This post is part of Danette’s wonderful Best of the Best Series at S-O-S Research Blog where the topic this month is medication use related to those diagnosed with invisible special needs. I mentioned our bad experience with medications in my Therapy? What Therapy? in August, so you might assume I am totally against medication for this group. I am not.
Yet, I am against medications being the first choice especially for young children. First, you need a full workup to rule out alternative causes and to help assist in obtaining an accurate diagnosis. Yet, we have some psychiatrists who skip this step or who, if they do not completely skip it, still fail to order a complete evaluation prior to prescribing medication.
Unlike one of my fellow bloggers in this series, I do not believe the reason is for financial gain. Wonder why? I spent years working for various insurance companies, and even volunteering on legislative committees for case management organizations. I am also married to a physician. Doctors receive money as speakers, but they also go to extra training on medications and take time away from their practices to do this and most do not take prescribing new medications lightly either.

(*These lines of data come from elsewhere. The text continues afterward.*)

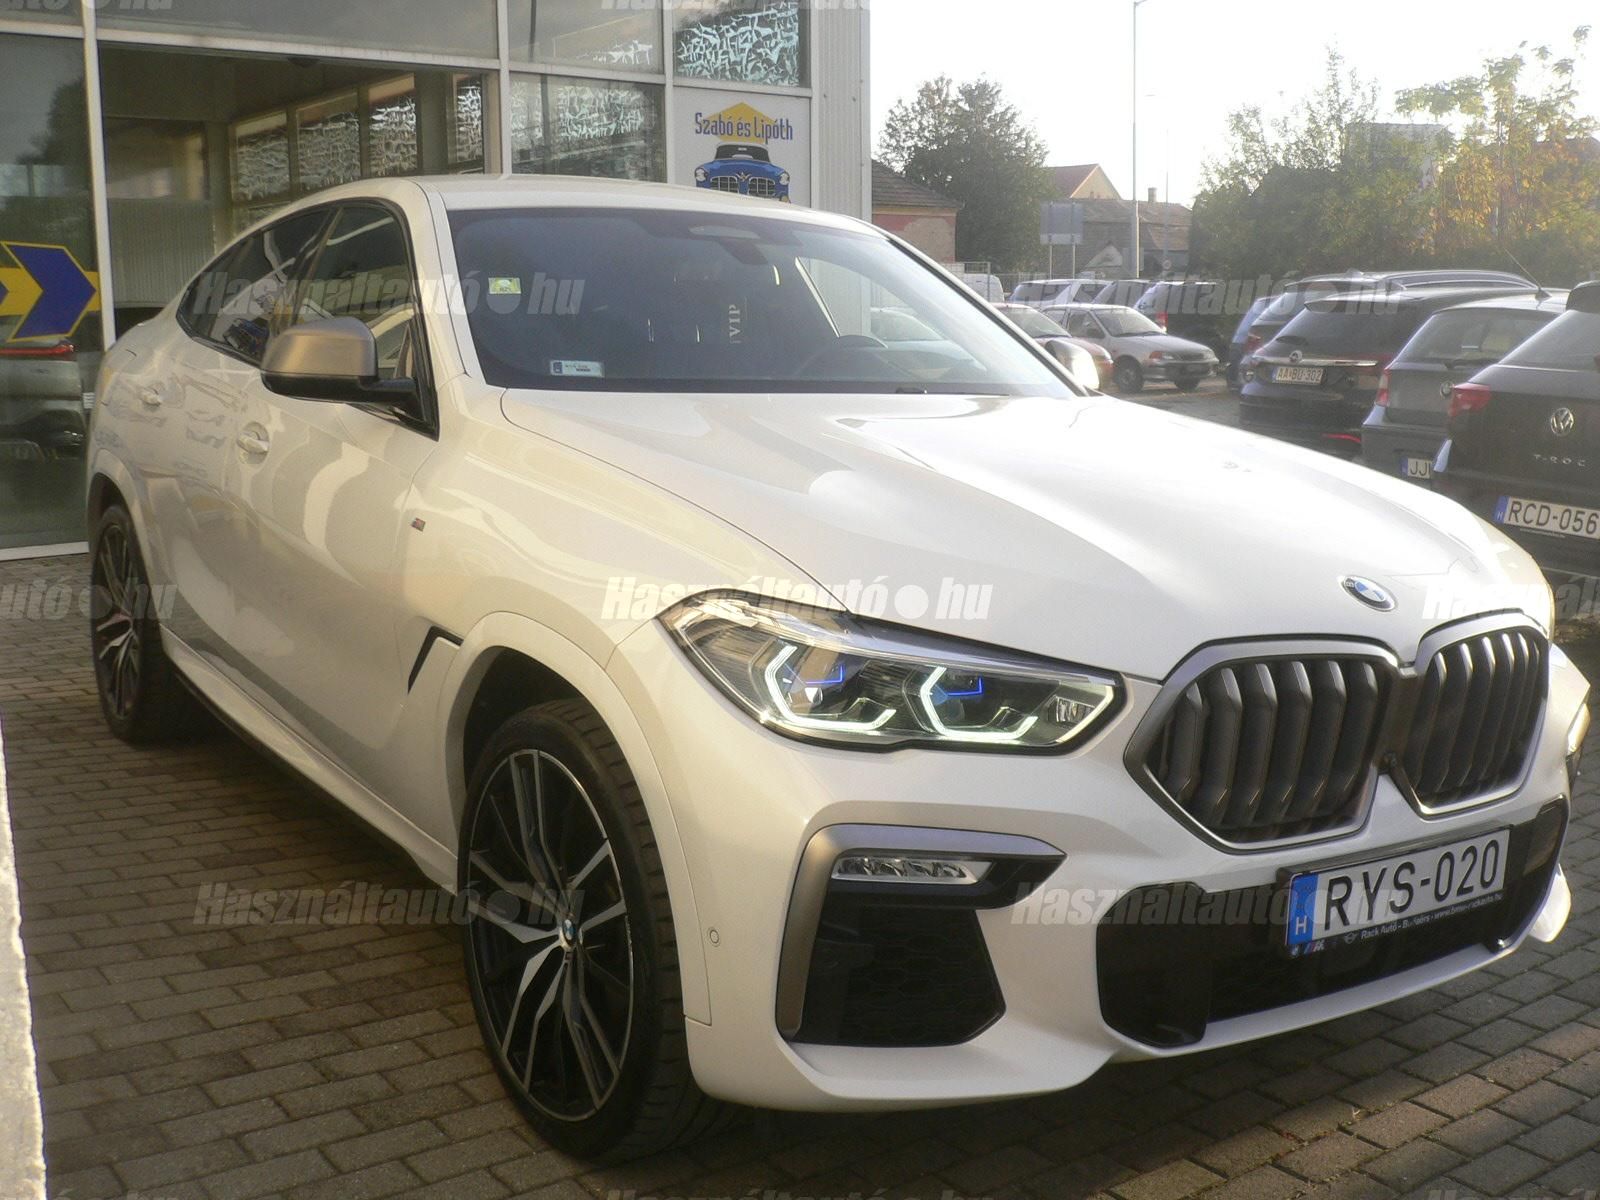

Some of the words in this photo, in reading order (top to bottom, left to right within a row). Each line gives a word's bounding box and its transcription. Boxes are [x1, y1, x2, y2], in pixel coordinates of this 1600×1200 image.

[695, 112, 733, 136] Szabó
[736, 117, 751, 137] és
[754, 116, 793, 145] Lipóth
[729, 304, 740, 338] VIP
[1410, 461, 1432, 477] JJ
[1508, 501, 1599, 535] RCD-056
[1324, 839, 1499, 931] RYS-020

Remember it is their license on the line if a medication causes life threatening side effects. Doctors also pass on samples of medications to their patients who cannot afford them. I really want to write a post about when and why we stopped trusting any doctors, but that is a post for another day.
None of the medications prescribed for my child were samples, nor were they medications newly on the market, yet they still were unhelpful and inappropriate for her since they did not address the root of her problems, and in fact made things worse. Lack of understanding of her sensory sensitivities resulted in the wrong treatment.
I was given a check list to compare at one point to determine which diagnosis my daughter had, ADHD or Bipolar Disorder. I told both doctors that neither one really fit her, but they suggested I guess as to which one fit best. There is a reason I speak out about wrong diagnoses and especially wrong diagnoses in girls. No one even mentioned Asperger’s or autism at that point nor did they mention sensory sensitivities despite the fact that my daughter had text-book characteristics from the time she was a toddler, if the doctor listened and asked the right questions.
Once we had the correct diagnosis from a third doctor, who is a neuropsychologist and who did the complete evaluation, the psychiatrist asked me why I would want my child to have a diagnosis that no medication could treat. My reply, “Why would I want to treat her for something she does not have?”
Yes, medication can help some children as long as you have proper monitoring for side effects and as long as you have ruled out other medically researched options. Please note that many on the autism spectrum also have comorbidities that can be treated with medication. There are ongoing studies related to autism and sleep problems, so hopefully correct treatment options for this will be available too. I wrote about this in July on my Autism Myths, Legends, and Mysteries of Sleep post.
There are times when medication is appropriate, for instance when, there is a risk of harm to self or others. Even then it is important to monitor for side effects and to reevaluate once the patient is stable. Some medications can be safely weaned with medical supervision.